▶ WORK INSTRUCTIONS: The records below need to be printed in full. Keep each one exact.
------ SOURCE RECORDS ------
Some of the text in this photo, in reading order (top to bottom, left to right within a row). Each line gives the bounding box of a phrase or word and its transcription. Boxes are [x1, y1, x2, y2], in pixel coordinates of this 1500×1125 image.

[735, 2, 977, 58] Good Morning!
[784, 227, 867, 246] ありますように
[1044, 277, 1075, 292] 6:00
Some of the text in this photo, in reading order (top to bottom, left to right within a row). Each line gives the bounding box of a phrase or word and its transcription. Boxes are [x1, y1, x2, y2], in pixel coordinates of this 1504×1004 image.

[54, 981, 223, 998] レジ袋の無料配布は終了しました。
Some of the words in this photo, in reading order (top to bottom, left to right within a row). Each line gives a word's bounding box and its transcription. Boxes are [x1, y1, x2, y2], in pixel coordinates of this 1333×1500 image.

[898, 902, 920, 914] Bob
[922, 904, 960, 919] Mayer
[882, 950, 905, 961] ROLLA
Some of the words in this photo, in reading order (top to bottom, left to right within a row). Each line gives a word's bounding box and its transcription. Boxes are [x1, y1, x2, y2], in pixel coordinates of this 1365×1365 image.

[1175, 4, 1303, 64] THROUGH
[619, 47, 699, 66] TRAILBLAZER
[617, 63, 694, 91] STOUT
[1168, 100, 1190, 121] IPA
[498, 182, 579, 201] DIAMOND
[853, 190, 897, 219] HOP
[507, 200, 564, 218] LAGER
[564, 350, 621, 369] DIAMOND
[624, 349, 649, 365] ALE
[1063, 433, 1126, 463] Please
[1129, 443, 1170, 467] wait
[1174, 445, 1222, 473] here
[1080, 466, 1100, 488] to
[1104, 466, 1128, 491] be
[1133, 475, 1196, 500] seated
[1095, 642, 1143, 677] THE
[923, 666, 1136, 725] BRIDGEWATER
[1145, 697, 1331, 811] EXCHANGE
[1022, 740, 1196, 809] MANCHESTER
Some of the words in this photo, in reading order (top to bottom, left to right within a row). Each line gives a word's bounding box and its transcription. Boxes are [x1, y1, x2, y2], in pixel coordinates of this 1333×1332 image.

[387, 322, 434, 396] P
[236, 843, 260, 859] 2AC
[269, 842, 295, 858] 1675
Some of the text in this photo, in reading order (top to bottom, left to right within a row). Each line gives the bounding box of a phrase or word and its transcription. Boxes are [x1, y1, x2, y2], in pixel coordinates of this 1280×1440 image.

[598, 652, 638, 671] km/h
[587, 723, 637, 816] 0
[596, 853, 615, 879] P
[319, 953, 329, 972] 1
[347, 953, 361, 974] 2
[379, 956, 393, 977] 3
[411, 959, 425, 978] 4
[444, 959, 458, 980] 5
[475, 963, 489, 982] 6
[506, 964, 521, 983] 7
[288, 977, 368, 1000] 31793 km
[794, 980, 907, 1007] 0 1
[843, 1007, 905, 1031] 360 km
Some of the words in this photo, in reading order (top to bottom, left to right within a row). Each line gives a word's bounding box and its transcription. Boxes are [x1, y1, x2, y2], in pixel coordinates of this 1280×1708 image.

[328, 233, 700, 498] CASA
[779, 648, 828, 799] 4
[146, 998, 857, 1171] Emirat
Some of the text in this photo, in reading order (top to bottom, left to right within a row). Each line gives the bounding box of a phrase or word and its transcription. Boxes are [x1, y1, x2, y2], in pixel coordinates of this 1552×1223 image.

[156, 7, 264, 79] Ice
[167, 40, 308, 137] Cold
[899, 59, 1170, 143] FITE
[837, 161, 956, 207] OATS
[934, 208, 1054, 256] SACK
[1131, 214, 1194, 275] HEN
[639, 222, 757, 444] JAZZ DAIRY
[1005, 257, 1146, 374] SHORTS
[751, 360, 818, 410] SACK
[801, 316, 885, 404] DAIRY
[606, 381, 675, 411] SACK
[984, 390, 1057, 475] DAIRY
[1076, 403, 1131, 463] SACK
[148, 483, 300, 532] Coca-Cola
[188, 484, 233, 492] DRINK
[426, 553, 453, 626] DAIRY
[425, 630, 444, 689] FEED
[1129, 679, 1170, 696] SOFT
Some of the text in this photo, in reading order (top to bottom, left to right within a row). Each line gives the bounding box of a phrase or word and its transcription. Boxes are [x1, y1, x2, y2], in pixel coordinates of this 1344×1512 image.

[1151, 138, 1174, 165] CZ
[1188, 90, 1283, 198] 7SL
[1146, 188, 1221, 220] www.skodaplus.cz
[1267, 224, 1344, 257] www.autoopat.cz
------
▶ OUTPUT OF THE EXERCISE:
Some of the text in this photo, in reading order (top to bottom, left to right within a row). Each line gives the bounding box of a phrase or word and its transcription. Boxes are [x1, y1, x2, y2], in pixel coordinates of this 1500×1125 image.

[735, 2, 977, 58] Good Morning!
[784, 227, 867, 246] ありますように
[1044, 277, 1075, 292] 6:00
Some of the text in this photo, in reading order (top to bottom, left to right within a row). Each line gives the bounding box of a phrase or word and its transcription. Boxes are [x1, y1, x2, y2], in pixel coordinates of this 1504×1004 image.

[54, 981, 223, 998] レジ袋の無料配布は終了しました。
Some of the words in this photo, in reading order (top to bottom, left to right within a row). Each line gives a word's bounding box and its transcription. Boxes are [x1, y1, x2, y2], in pixel coordinates of this 1333×1500 image.

[898, 902, 920, 914] Bob
[922, 904, 960, 919] Mayer
[882, 950, 905, 961] ROLLA
Some of the words in this photo, in reading order (top to bottom, left to right within a row). Each line gives a word's bounding box and its transcription. Boxes are [x1, y1, x2, y2], in pixel coordinates of this 1365×1365 image.

[1175, 4, 1303, 64] THROUGH
[619, 47, 699, 66] TRAILBLAZER
[617, 63, 694, 91] STOUT
[1168, 100, 1190, 121] IPA
[498, 182, 579, 201] DIAMOND
[853, 190, 897, 219] HOP
[507, 200, 564, 218] LAGER
[564, 350, 621, 369] DIAMOND
[624, 349, 649, 365] ALE
[1063, 433, 1126, 463] Please
[1129, 443, 1170, 467] wait
[1174, 445, 1222, 473] here
[1080, 466, 1100, 488] to
[1104, 466, 1128, 491] be
[1133, 475, 1196, 500] seated
[1095, 642, 1143, 677] THE
[923, 666, 1136, 725] BRIDGEWATER
[1145, 697, 1331, 811] EXCHANGE
[1022, 740, 1196, 809] MANCHESTER
Some of the words in this photo, in reading order (top to bottom, left to right within a row). Each line gives a word's bounding box and its transcription. Boxes are [x1, y1, x2, y2], in pixel coordinates of this 1333×1332 image.

[387, 322, 434, 396] P
[236, 843, 260, 859] 2AC
[269, 842, 295, 858] 1675
Some of the text in this photo, in reading order (top to bottom, left to right within a row). Each line gives the bounding box of a phrase or word and its transcription. Boxes are [x1, y1, x2, y2], in pixel coordinates of this 1280×1440 image.

[598, 652, 638, 671] km/h
[587, 723, 637, 816] 0
[596, 853, 615, 879] P
[319, 953, 329, 972] 1
[347, 953, 361, 974] 2
[379, 956, 393, 977] 3
[411, 959, 425, 978] 4
[444, 959, 458, 980] 5
[475, 963, 489, 982] 6
[506, 964, 521, 983] 7
[288, 977, 368, 1000] 31793 km
[794, 980, 907, 1007] 0 1
[843, 1007, 905, 1031] 360 km
Some of the words in this photo, in reading order (top to bottom, left to right within a row). Each line gives a word's bounding box and its transcription. Boxes are [x1, y1, x2, y2], in pixel coordinates of this 1280×1708 image.

[328, 233, 700, 498] CASA
[779, 648, 828, 799] 4
[146, 998, 857, 1171] Emirat
Some of the text in this photo, in reading order (top to bottom, left to right within a row). Each line gives the bounding box of a phrase or word and its transcription. Boxes are [x1, y1, x2, y2], in pixel coordinates of this 1552×1223 image.

[156, 7, 264, 79] Ice
[167, 40, 308, 137] Cold
[899, 59, 1170, 143] FITE
[837, 161, 956, 207] OATS
[934, 208, 1054, 256] SACK
[1131, 214, 1194, 275] HEN
[639, 222, 757, 444] JAZZ DAIRY
[1005, 257, 1146, 374] SHORTS
[751, 360, 818, 410] SACK
[801, 316, 885, 404] DAIRY
[606, 381, 675, 411] SACK
[984, 390, 1057, 475] DAIRY
[1076, 403, 1131, 463] SACK
[148, 483, 300, 532] Coca-Cola
[188, 484, 233, 492] DRINK
[426, 553, 453, 626] DAIRY
[425, 630, 444, 689] FEED
[1129, 679, 1170, 696] SOFT
Some of the text in this photo, in reading order (top to bottom, left to right within a row). Each line gives the bounding box of a phrase or word and its transcription. Boxes are [x1, y1, x2, y2], in pixel coordinates of this 1344×1512 image.

[1151, 138, 1174, 165] CZ
[1188, 90, 1283, 198] 7SL
[1146, 188, 1221, 220] www.skodaplus.cz
[1267, 224, 1344, 257] www.autoopat.cz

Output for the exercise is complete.